PERIDOT - VIBRANT & BRIGHT
August Birthstone History
Peridots have been steeped in myth for thousands of years. Pliny the Elder (23-79 AD), an ancient naturalist, first recorded the existence of peridot on a small island off the coast of Egypt. He originally called the stone “topazios” and described it as a gem that was commonly green but also occurred with yellowish tones. He named that island Topazios, after the gem, but it was later renamed St. John’s Island or Zabargad. This island was closely guarded by the ancient Egyptians because it was thought to be the site of priceless treasures. It is widely believed that some of Cleopatra’s famous emeralds were actually peridots! The Egyptians called peridot the “gem of the sun,” and some thought that it protected against nightmares. It was also believed to bring the wearer confidence, power, and general good luck and health.

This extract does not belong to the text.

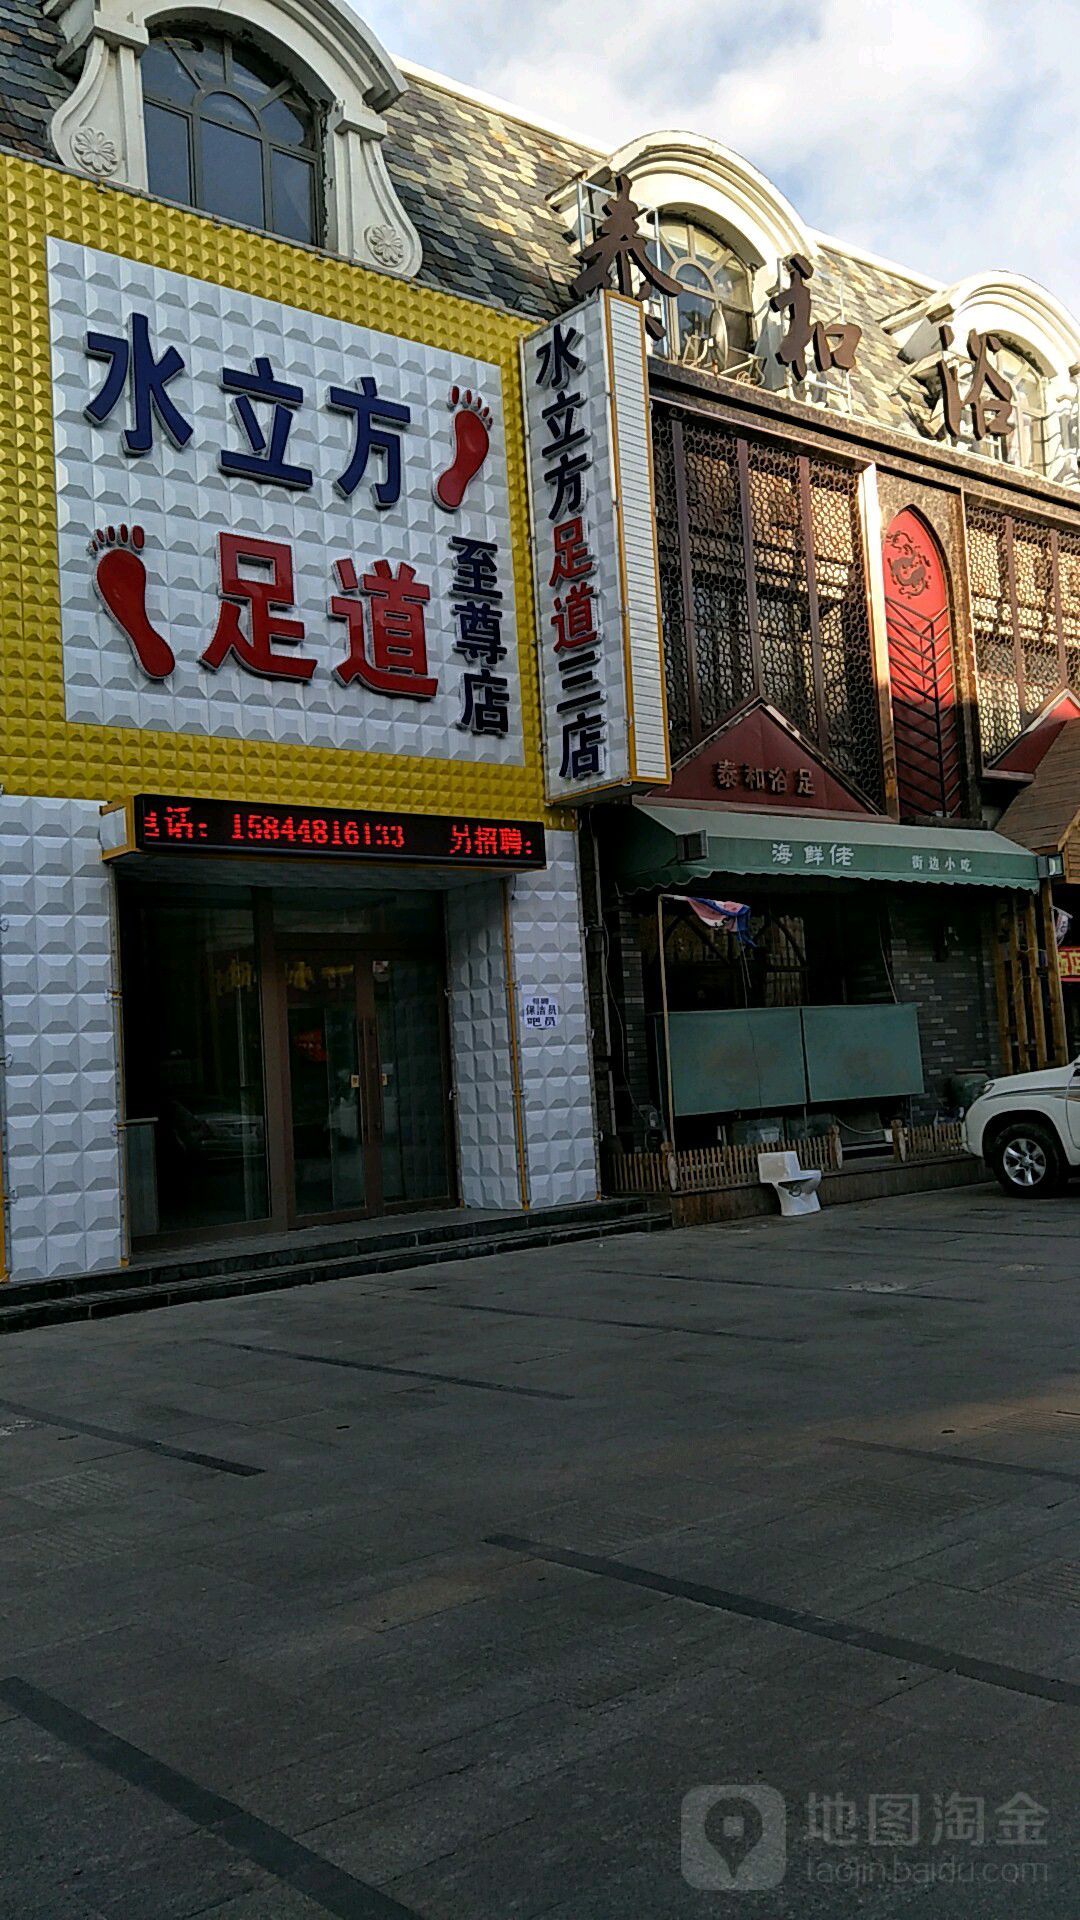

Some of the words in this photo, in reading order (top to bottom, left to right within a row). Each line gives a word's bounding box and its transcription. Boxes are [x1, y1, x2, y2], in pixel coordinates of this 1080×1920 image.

Peridots are also closely connected to the Hawaiian culture—they are thought to be the tears of the volcano goddess Pele. The sand on the Big Island’s Papakolea Beach is a rare and beautiful green hue due to a high content of crushed olivine.
Where is Peridot Found?
Peridot, the August birthstone, has an amazing story. Although most of the peridot seen in jewelry today comes from sources such as China, Myanmar, Pakistan, Tanzania, Vietnam and the United States, some journied to Earth on meteorites while others are found in exotic locales like Peridot Beach, Hawaii, where the sands shimmer a luminous green.
Arizona is the main source of this August birthstone in the United States. Massive volcanic eruptions many thousands of years ago sent rivers of lava spilling across the desert landscape of what is today the San Carlos Apache Indian Reservation, where some Apache families have worked the mines for decades.
Peridot Birthstone Care & Cleaning
With a hardness of 6.5 to 7 on the Mohs scale of hardness, peridot is softer than many gems and cannot take hard wear, so it is not recommended for daily use in a ring. This August birthstone can also be damaged by some acids and even by long-term exposure to acidic perspiration. Cleaning peridot is a delicate process. Never use a steam or ultrasonic cleaner, as your peridot birthstone is vulnerable to thermal shock. It is safest to use a soft-bristle brush with a mild dish soap in warm water. Peridot should be stored with care to avoid scratching by gems with greater hardness.